The last time he’d been on a case, I’d been attracted to how calm, cool, and collected he’d seemed.
This one was making him a wreck.
Then I realized. He also thought of Corey Johnson as family. I’d bet my Fiskars Personal Paper Trimmer on it. This new insight warmed me to him all over again. What a good man he was. At the core, decent and loyal.
Except, if that were true, why did he kiss me? Come visit me? When he was married?
I rubbed my eyes hard. “Allergies,” I mumbled. “What’s the department’s response to Corey getting out?”
“What you’d expect. The captain admits we don’t have a lot. Chief Holmes is keeping up a PR front. Sorry. I can’t tell you more.”
I shrugged. I’d sort of expected as much. “I’ll tell you what I heard at book club, but what else can I do? Anything? I’m flying blind here.”
He repeated how Sissy had dropped her son Christopher off at kindergarten at roughly nine-thirty, and her first class didn’t start that particular day until eleven a.m. CALA used a rotating class schedule designed to compensate for the many Mondays that are national holidays. The students adjusted to its quirks quickly, but to me and most parents, it was difficult to keep track.
Corey Johnson hadn’t verified his whereabouts for the suspicious timeframe. Detweiler said the man seemed too distraught to think clearly. None of the teachers stepped forward to say they’d seen the coach. So he had no alibi.

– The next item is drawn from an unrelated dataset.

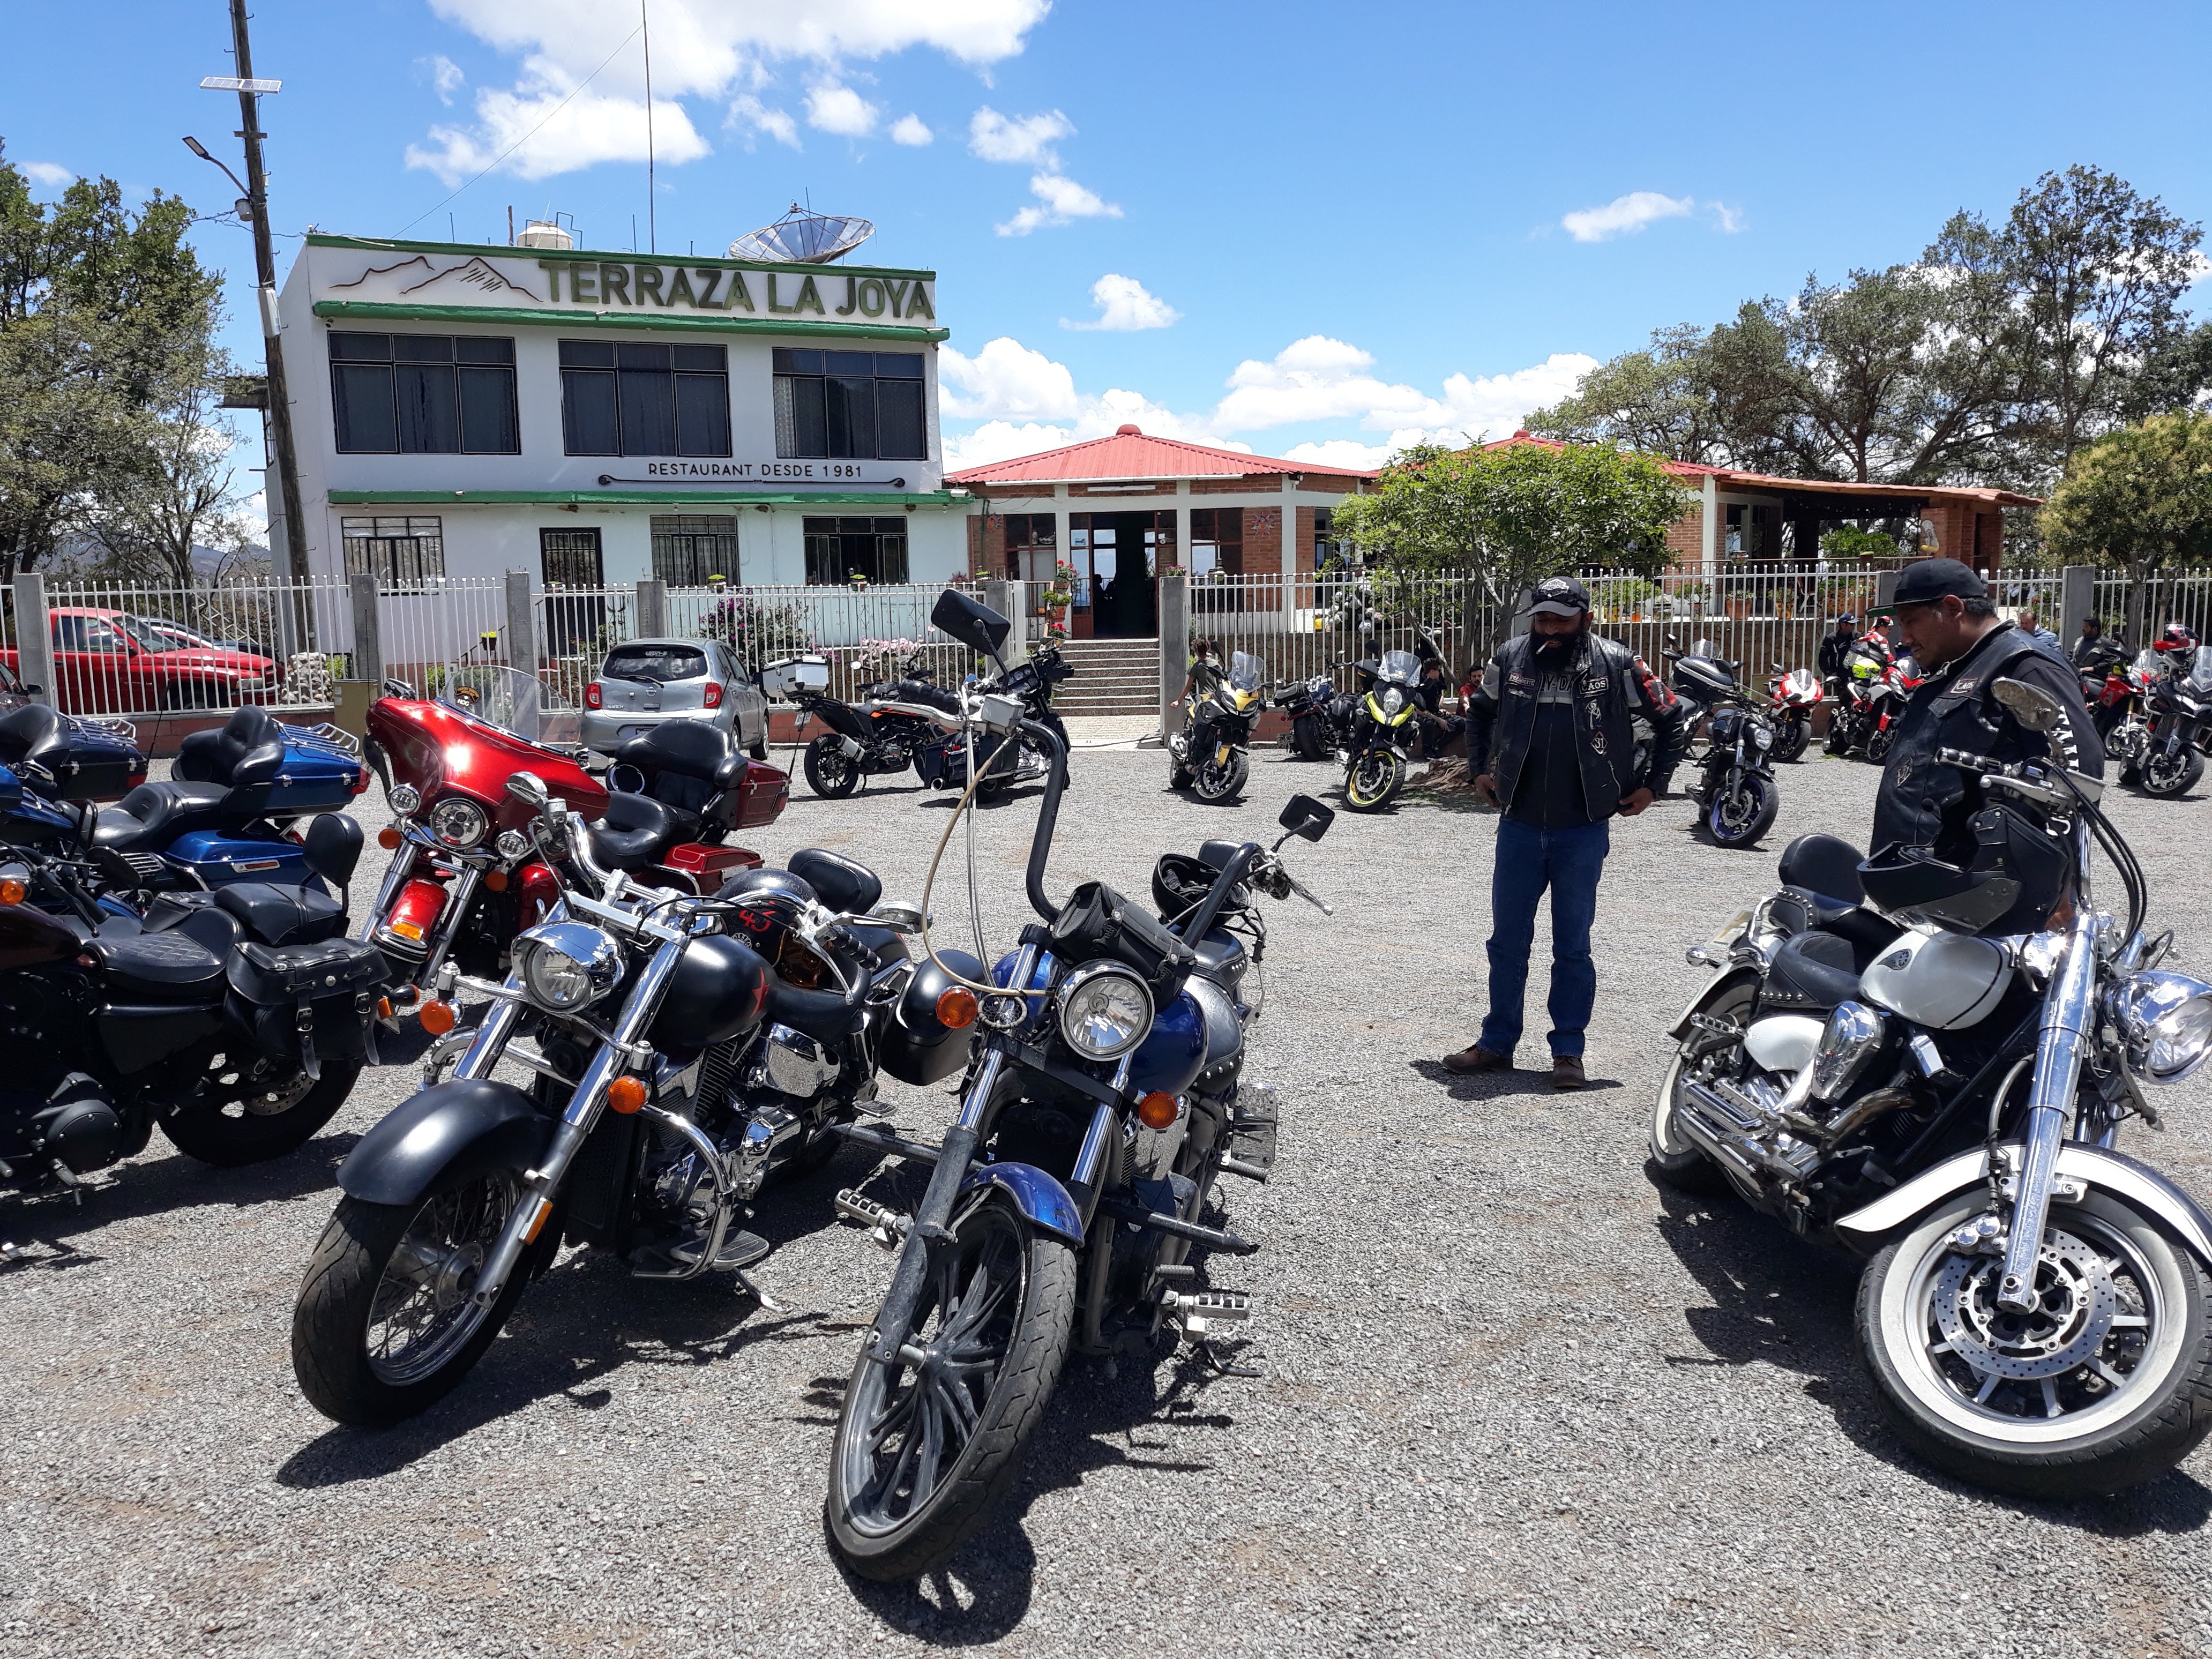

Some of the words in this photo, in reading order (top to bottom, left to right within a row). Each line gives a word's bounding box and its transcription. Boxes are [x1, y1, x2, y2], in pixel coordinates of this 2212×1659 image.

“Lots of people had keys to the balcony. Anyone walking the hall—as Anya and her friends did—could have slipped in and out. The amount of blood spatter was minimal, our forensics examiner says. We thought about searching nearby lockers, but that would take a court order,” he said as he wiped his mouth with his napkin. “There’s that sports booster meeting. We’re working our way through a makeshift list of attendees, but folks aren’t being helpful.”
Our meal was ready at the window. Detweiler hopped up to get it. He slid my red basket with the kid’s meal—a hot dog and fries—toward me. “They’re all out of toys.”
Well, shoot. Now my day was totally ruined.
“Start with the book club.” He bit into the first of his two smoked bratwursts. The man had a half pound of pork and veal to plow through, plus a generous helping of fries.
I listed the names I’d heard. I explained about Stevie Moore.
Detweiler’s eyes clouded with concern. “But maybe Stevie didn’t do it and his mother did. To keep his, um, preferences quiet.”
I couldn’t believe that of Jennifer. I realized, too, that since Anya was spending a lot of time at the Moores’ house, I really needed to know the family better.
I wished Anya hung around more with Tilly, but I couldn’t force a friendship on my daughter. I’d tried that before and it had backfired. Anya had bitten the other preschooler during a playdate.
“You know the headmaster’s wife? Connie McMahan? Heard she was ticked at her hubby because of Sissy. We don’t know the details, but a secretary reported a heated discussion between the McMahans the day before Ms. Gilchrist was killed. A Ladue cop interviewed Mrs. McMahan, with the school’s attorney. Didn’t get much.” His voice lowered. “Could she be the one we’re looking for?”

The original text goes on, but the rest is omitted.